Comic-Book Time vs Webcomic Time vs Frozen in Time

  • Comic-Book Time is where the illusion of time passing means characters don't age much if at all.
  • Webcomic Time is where time actually does pass over the course of the series, but at a much slower rate than its real-time publication or airing. Sometimes this can be achieved by backdating stories to match up with the date they are supposed to have occurred or explicitly setting it in the time the story started. Not to be confused with Alternate History which does a similar sort of thing, but not with the passage of time.

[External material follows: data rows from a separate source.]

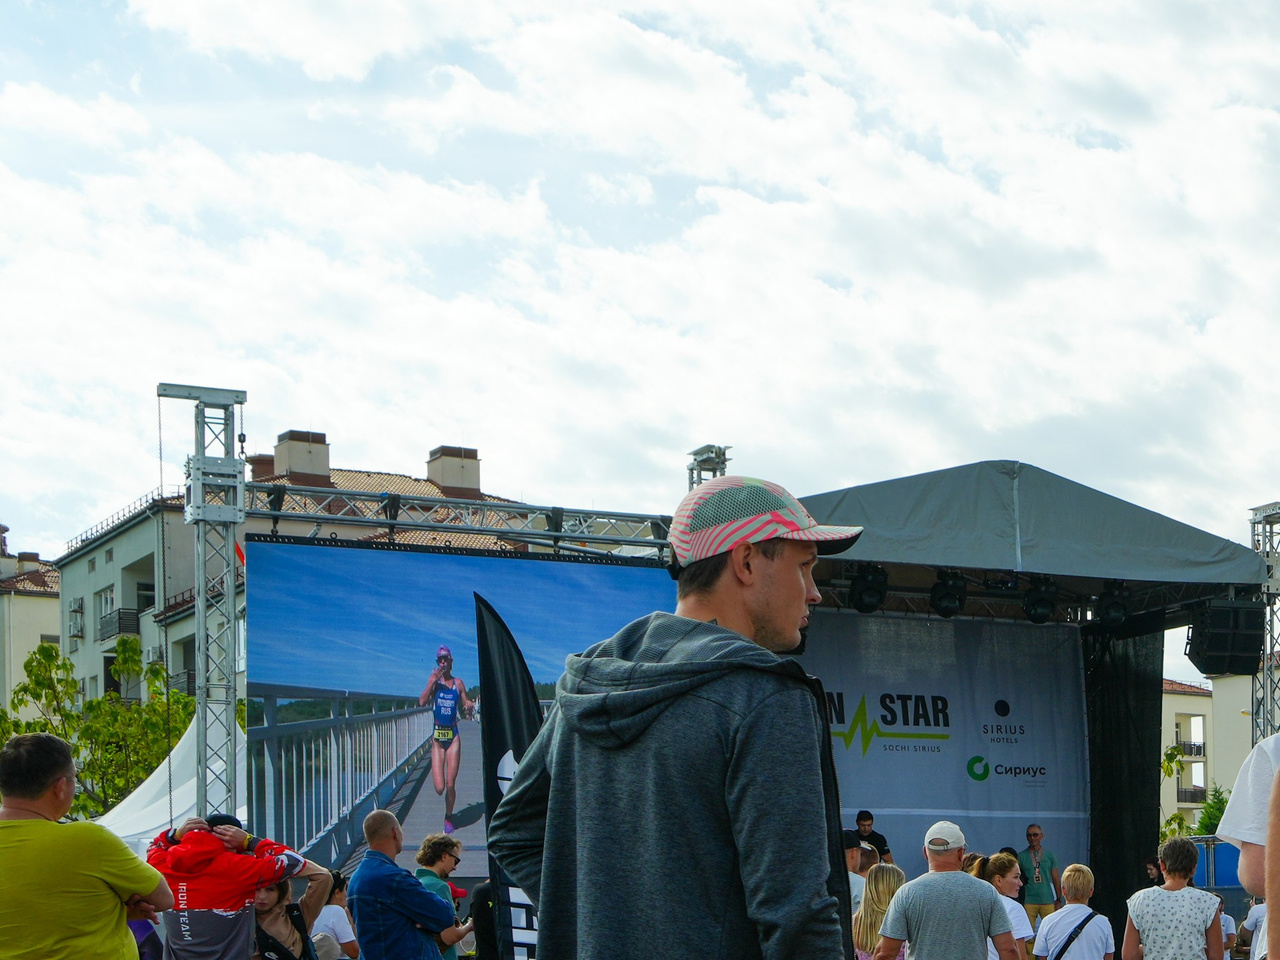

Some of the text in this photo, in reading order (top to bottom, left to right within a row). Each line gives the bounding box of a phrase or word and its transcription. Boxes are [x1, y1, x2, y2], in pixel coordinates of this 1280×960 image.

[880, 693, 950, 727] STAR
[983, 724, 1025, 735] SIRIUS
[883, 744, 941, 753] SOCHI SIRIUS
[994, 764, 1046, 777] Сириус
[178, 883, 192, 941] IRON TEAM
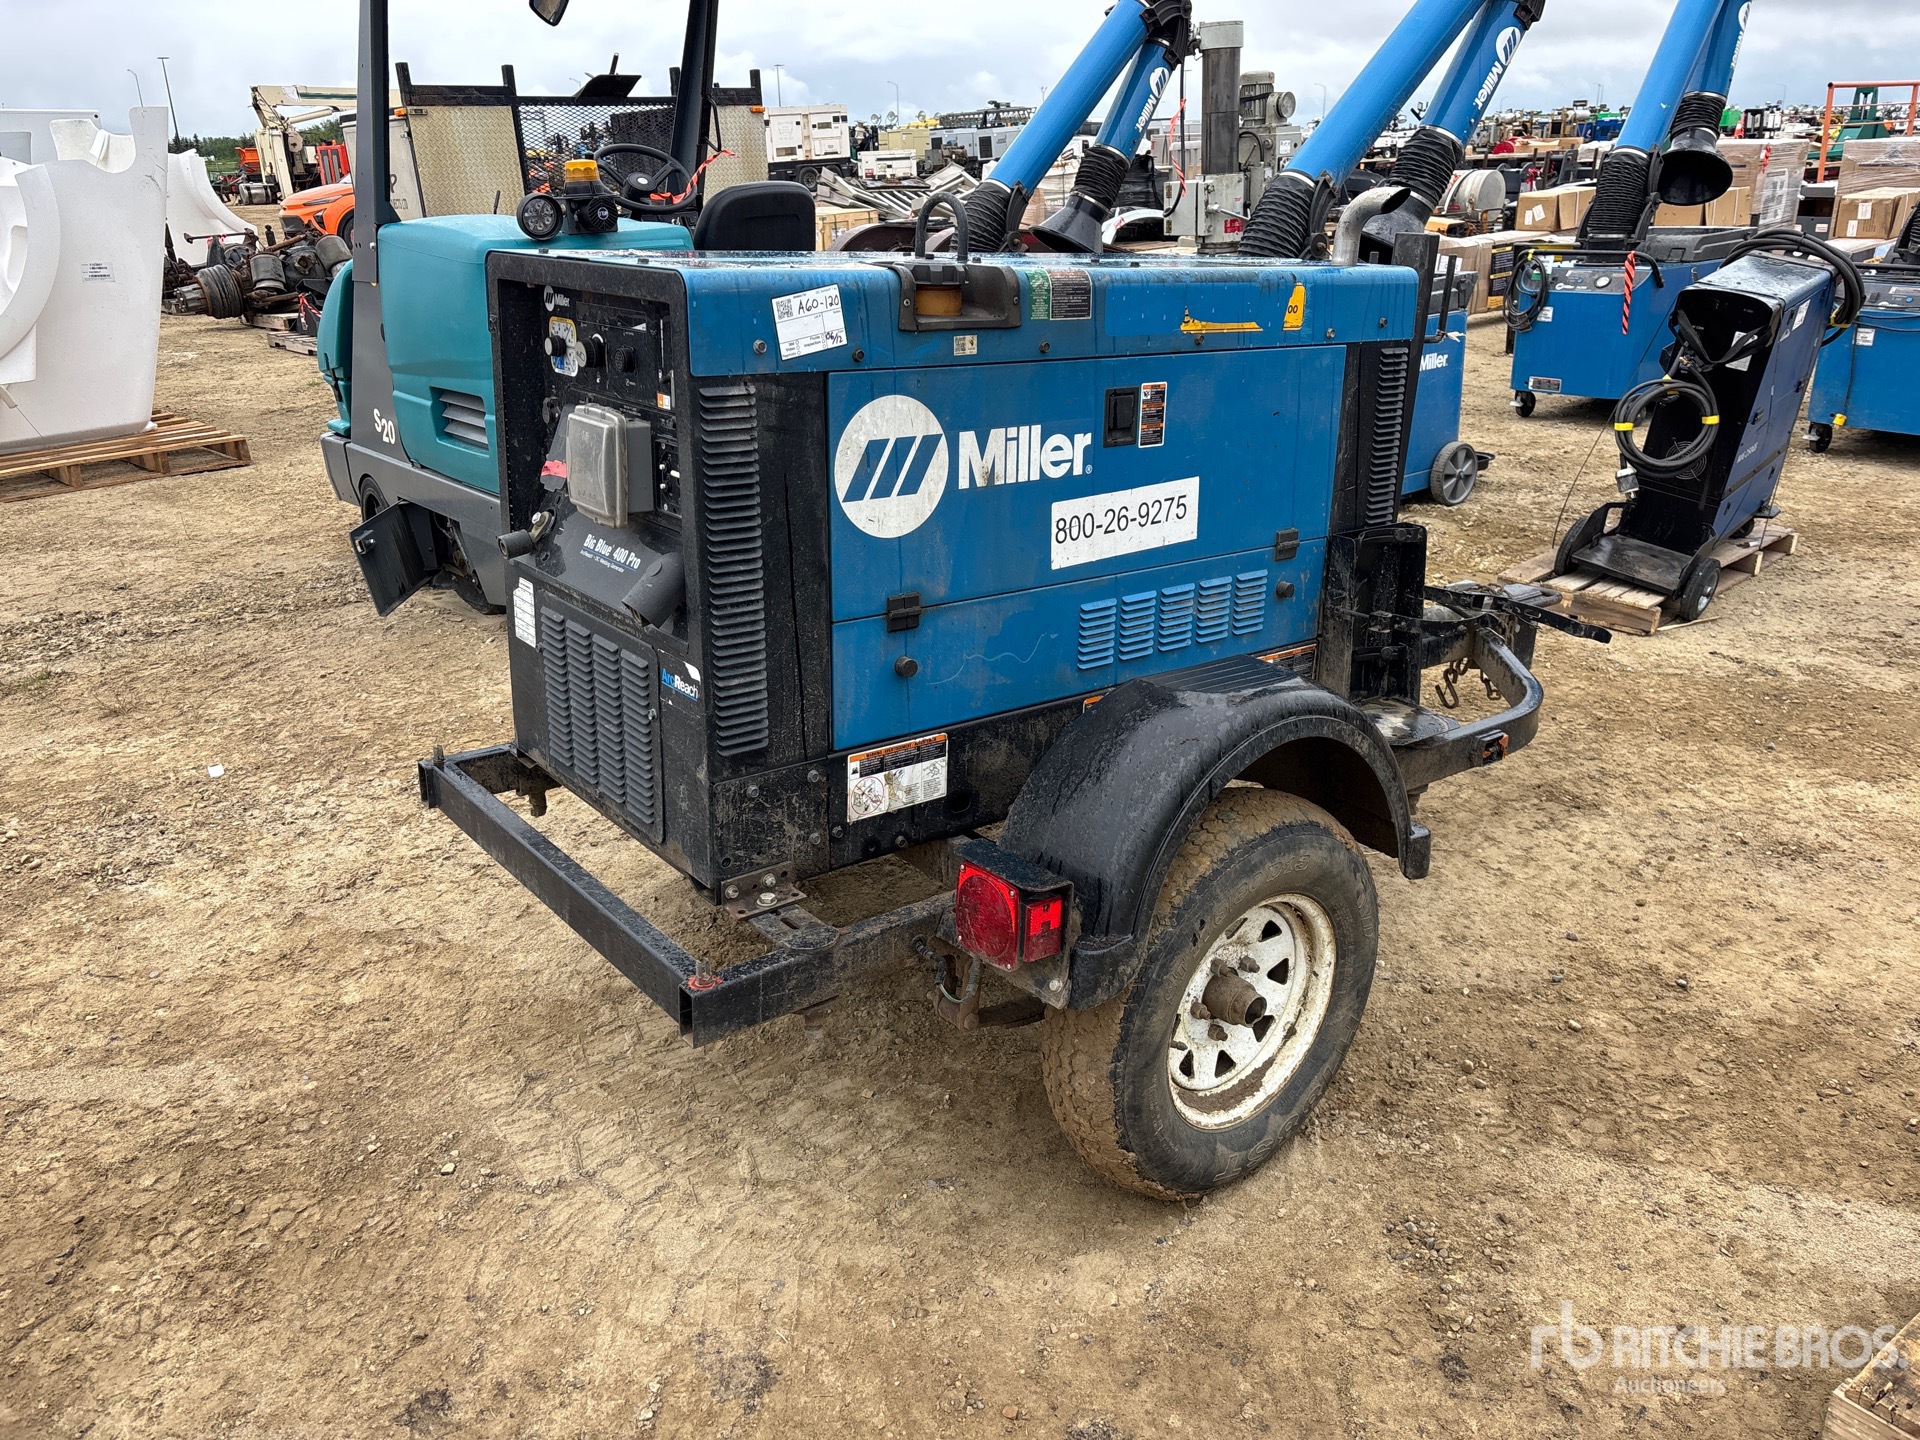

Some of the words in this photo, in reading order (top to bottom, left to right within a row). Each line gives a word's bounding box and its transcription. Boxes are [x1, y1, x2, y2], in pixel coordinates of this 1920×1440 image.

[1474, 61, 1503, 110] Miller
[1136, 94, 1157, 132] Miller
[554, 293, 570, 307] Miller
[798, 294, 840, 315] A60-120
[1420, 352, 1448, 371] Miller
[958, 424, 1092, 490] Miller
[1055, 494, 1188, 544] 800-26-9275
[594, 538, 613, 557] Blue
[612, 546, 629, 564] 400
[625, 551, 641, 569] Pro
[661, 668, 699, 699] ArcReach
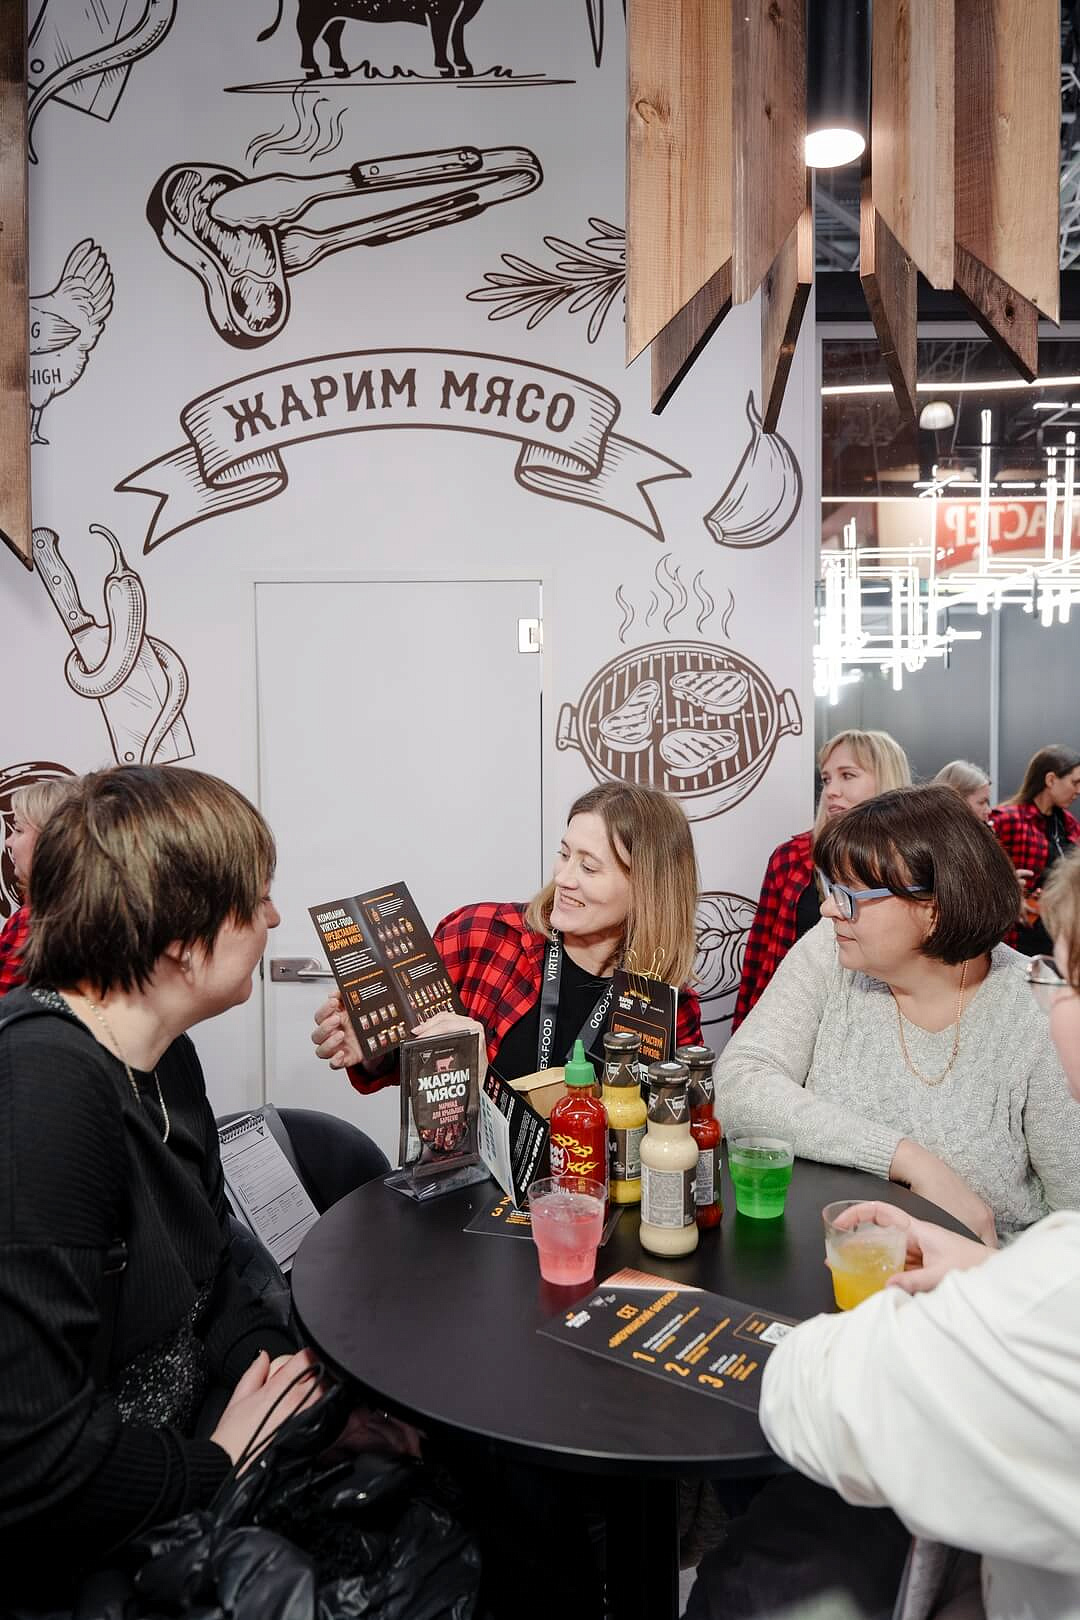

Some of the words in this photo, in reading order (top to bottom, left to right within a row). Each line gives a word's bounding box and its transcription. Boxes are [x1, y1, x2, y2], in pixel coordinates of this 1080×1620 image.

[30, 368, 61, 384] HIGH
[223, 368, 417, 442] ЖАРИМ
[440, 370, 576, 433] МЯСО
[320, 916, 354, 933] VIRTEX-FOOD
[327, 937, 350, 951] ЖАРИМ
[347, 933, 363, 946] МЯСО
[547, 927, 560, 981] VIRTEX-FO
[590, 984, 614, 1029] X-FOOD
[540, 1018, 553, 1070] EX-FOOD
[417, 1068, 470, 1091] ЖАРИМ
[426, 1083, 466, 1103] МЯСО
[491, 1207, 504, 1217] 3
[632, 1351, 656, 1363] 1
[664, 1362, 690, 1377] 2
[698, 1374, 725, 1388] 3
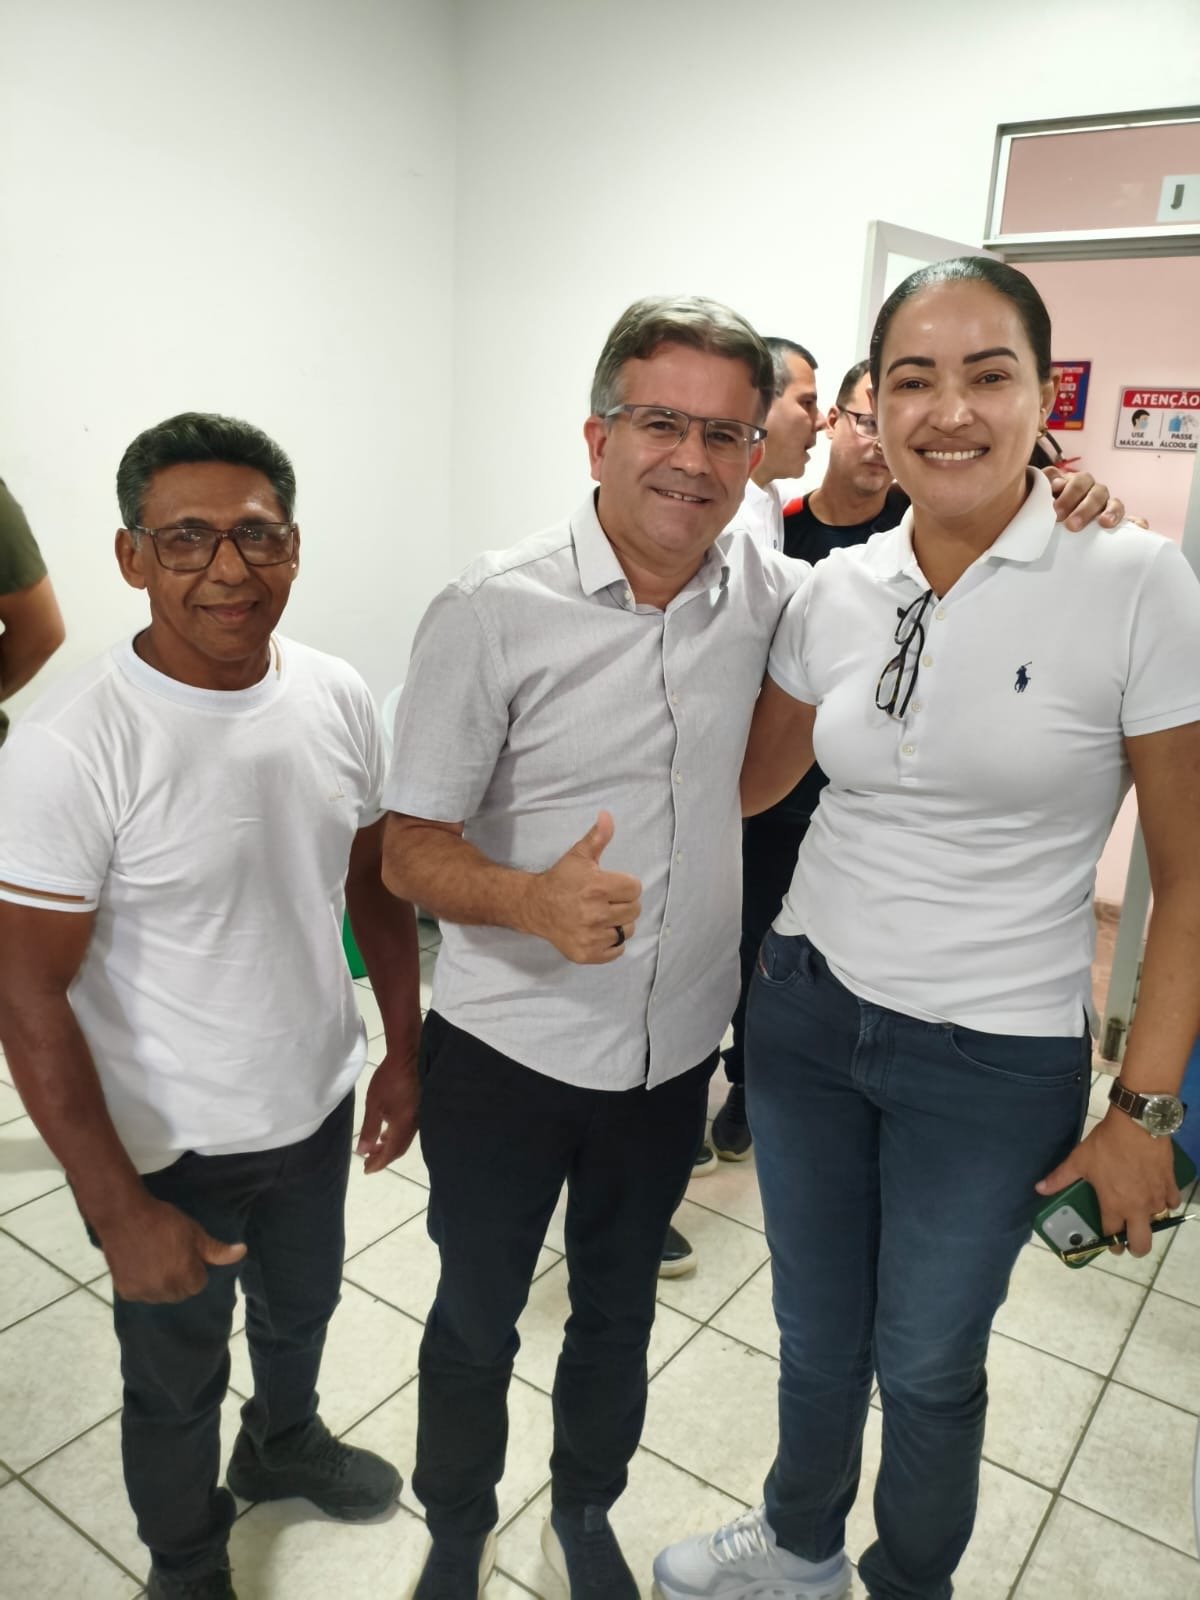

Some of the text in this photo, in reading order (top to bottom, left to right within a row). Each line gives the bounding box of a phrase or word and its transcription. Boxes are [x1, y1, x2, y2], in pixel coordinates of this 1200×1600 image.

[1170, 184, 1185, 210] J
[1131, 392, 1200, 408] ATENÇÃO
[1159, 441, 1187, 449] ÁLCOOL
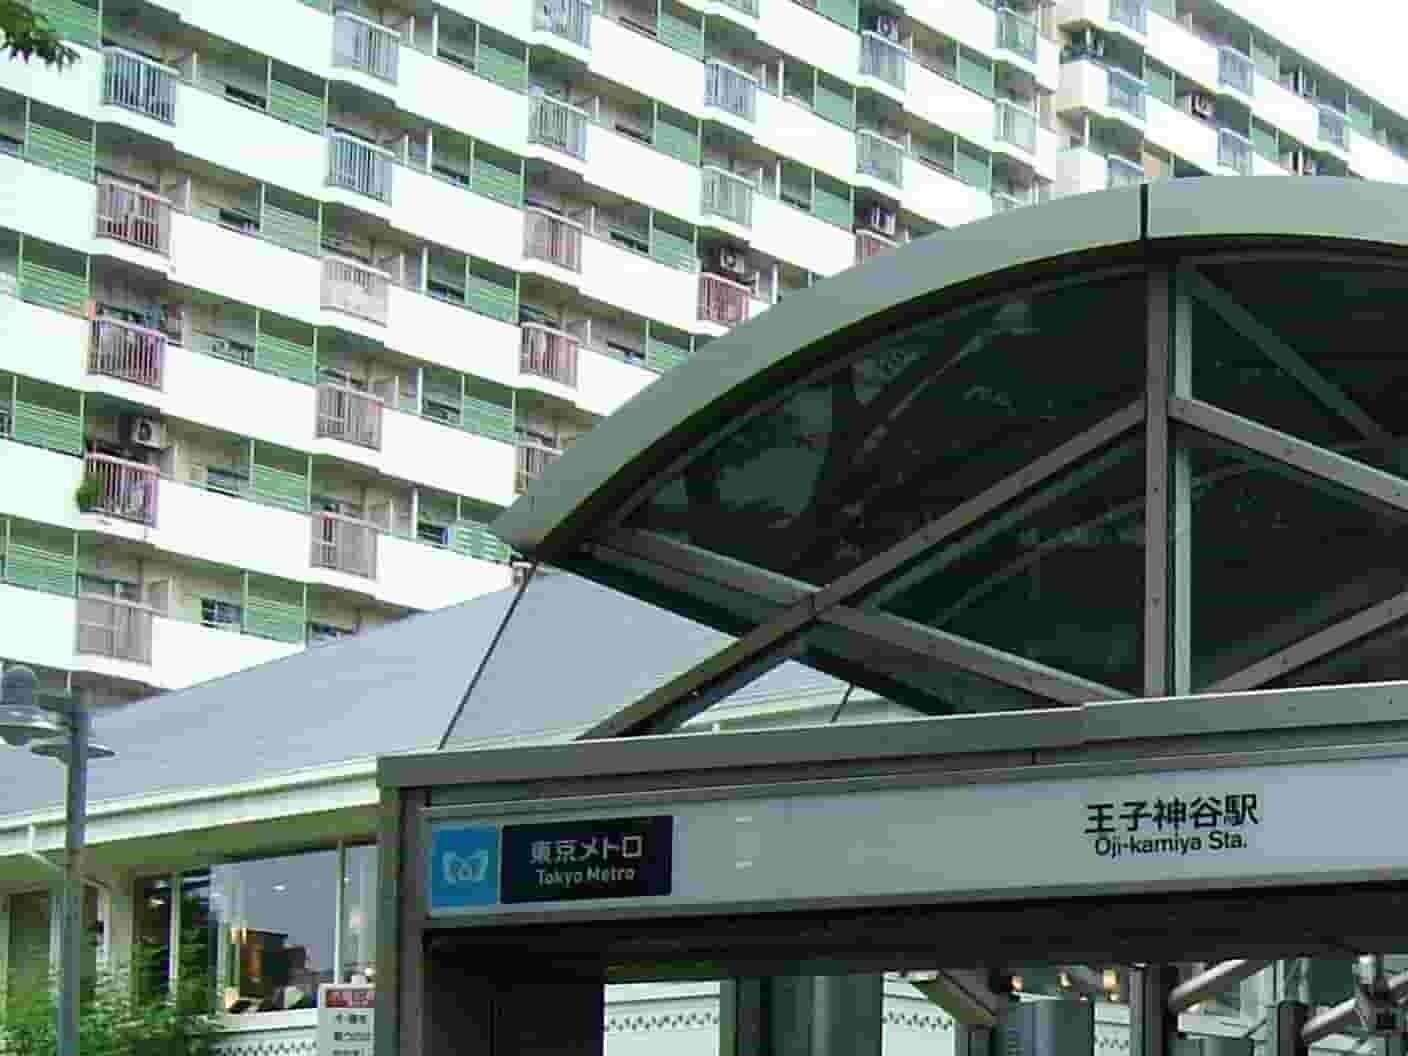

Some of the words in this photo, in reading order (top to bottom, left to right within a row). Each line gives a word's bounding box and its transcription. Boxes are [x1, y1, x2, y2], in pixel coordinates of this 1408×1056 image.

  • Frozen in Time is when a work's concept is so tightly bound to a particular era it cannot leave that era or everything needs to be in a particular era in order for the work to make sense or be accepted by audiences (e.g. having a slavery story set in present day America would have very different implications than having a slavery story set in the Antebellum South). Outlander is one such example.